For the double-blind, randomized, placebo-controlled REWIND study, researchers recruited 9,901 participants who were at least 50 years old with type 2 diabetes, a hemoglobin A1c (HbA1c) level of 9.5% or less, and a body mass index of more than 23 kg/m2. The participants came from 371 sites in 24 countries, including the United States and Canada. More than 80% were taking an angiotensin-converting enzyme inhibitor or angiotensin II receptor blocker, and other blood pressure drugs were also common.

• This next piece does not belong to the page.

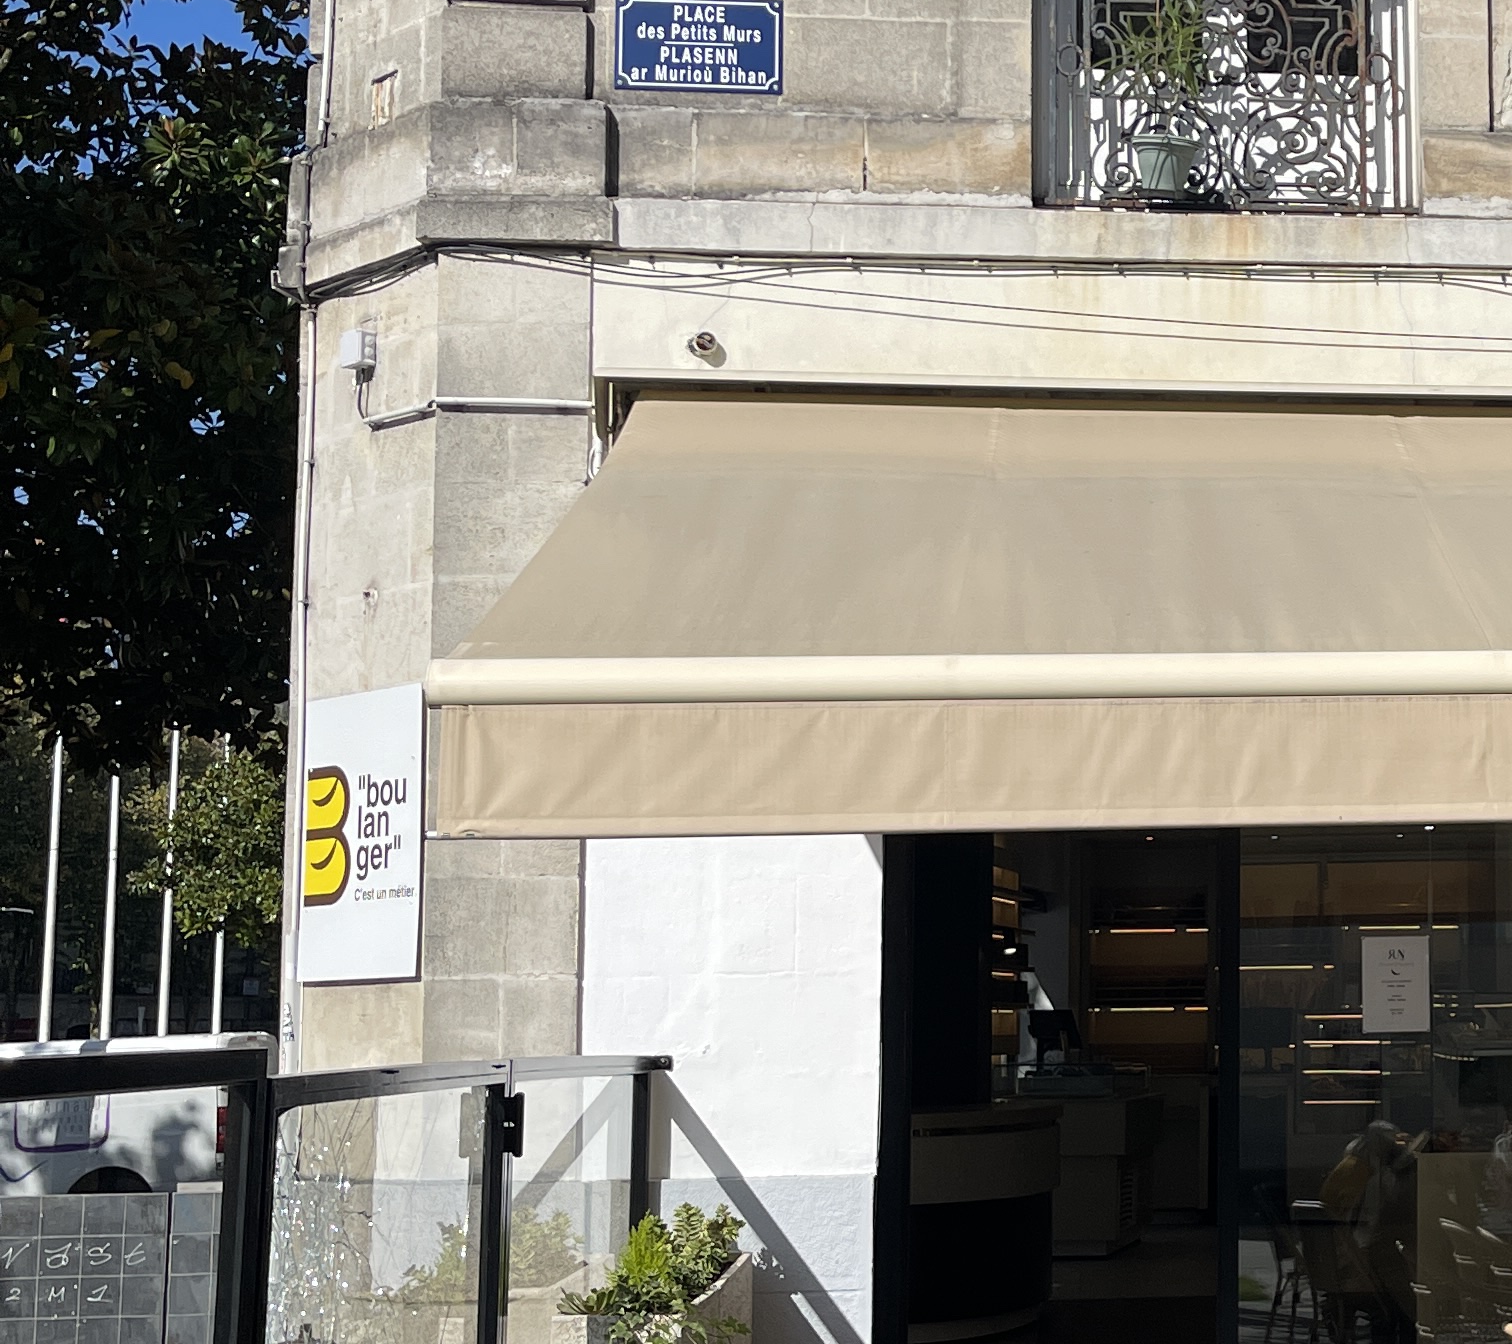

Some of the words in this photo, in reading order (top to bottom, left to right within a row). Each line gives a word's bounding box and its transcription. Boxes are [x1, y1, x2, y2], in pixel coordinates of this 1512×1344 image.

The average mean age was 66 years; 46% of the participants were women, three-quarters were white, and 31% had previous cardiovascular disease. Previous GLP-1 RA studies of this type had markedly lower percentages of women – the other studies comprised 30%-39% women – and included higher percentages of participants with previous cardiovascular disease (73%-100%).

Of the participants in the current study, 4,949 were assigned to receive dulaglutide and 4,952 to receive placebo. They were followed for a median 5.4 years. About 57% never stopped using the drug, and 11% of those in the drug group and 7.5% in the placebo group stopped use because of adverse effects.

In regard to diabetes outcomes, HbA1c levels fell in the drug group by a mean –0.61% (95% confidence interval, –0.65 to –0.58; P less than .0001), compared with placebo. Their weight decreased by a mean –1.5 kg (95% CI, -1.7 to -1.3; P less than .0001) Systolic blood pressure and LDL cholesterol levels were slightly lower in the drug group, but heart rate was higher.

On the heart front, MACE fell by 12% in the drug group, compared with placebo (hazard ratio, 0.88; 95% CI, 0.79-0.99; P = .026). “The effect of the intervention begins [within] the first year and continued in a progressive, proportional fashion throughout the follow-up period,” said study lead author Hertzel C. Gerstein, MD, of McMaster University and Hamilton Health Sciences, Hamilton, Ont.

Dr. Hertzel C. Gerstein, McMaster University, Hamilton, Ont.

Dr. Hertzel C. Gerstein

There was an especially large decline in the number of nonfatal stroke cases in the drug group, compared with placebo (135 vs. 175, respectively; HR, 0.76; 95% CI, 0.61-0.95; P = .017). The drug did not have a statistically significant effect on cardiovascular death.

The researchers found no difference in the drug’s effects on MACE in subgroups including age, gender, ethnicity, duration of diabetes, and history of cardiovascular disease.

They also reported a decline in a renal composite outcome (first macroalbuminuria, sustained decline in estimated glomerular filtration rate of 30% or more, chronic renal replacement) in the drug group (HR, 0.85; 95% CI, 0.77-0.93; P = .0004).

Rates of serious adverse effects were similar in the drug and placebo groups. Gastrointestinal adverse effects – including nausea, constipation, and diarrhea – were as expected, Dr. Gerstein said.

“The addition of dulaglutide could be considered for both primary and secondary cardiovascular prevention in middle-aged patients with type 2 diabetes and cardiovascular risk factors,” Dr. Gerstein said.

In an independent commentary at the meeting presentation, Sophia Zoungas, MBBS (Hons), FRCP, PhD, of Monash University, Melbourne, praised the study and applauded the findings.

Dr. Sophia Zoungas, Monash University, Melbourne

Dr. Sophia Zoungas

However, she called attention to the results that pinpointed higher levels of microvascular-related eye outcomes (HR, 1.24; 95% CI, 0.92-1.68) and fatal myocardial infarction (HR, 1.29; 95% CI, 0.72-2.30) in the dulaglutide group. Both of those outcomes were rare – 171 eye outcomes and 46 fatal myocardial infarctions overall. She also questioned whether the adherence rates would be as high in a real-world setting.

Eli Lilly funded the study. Three of the authors were employees of Eli Lilly, eight reported financial relationships with the company, five reported financial relationships with other firms, and the remaining authors reported no competing interests.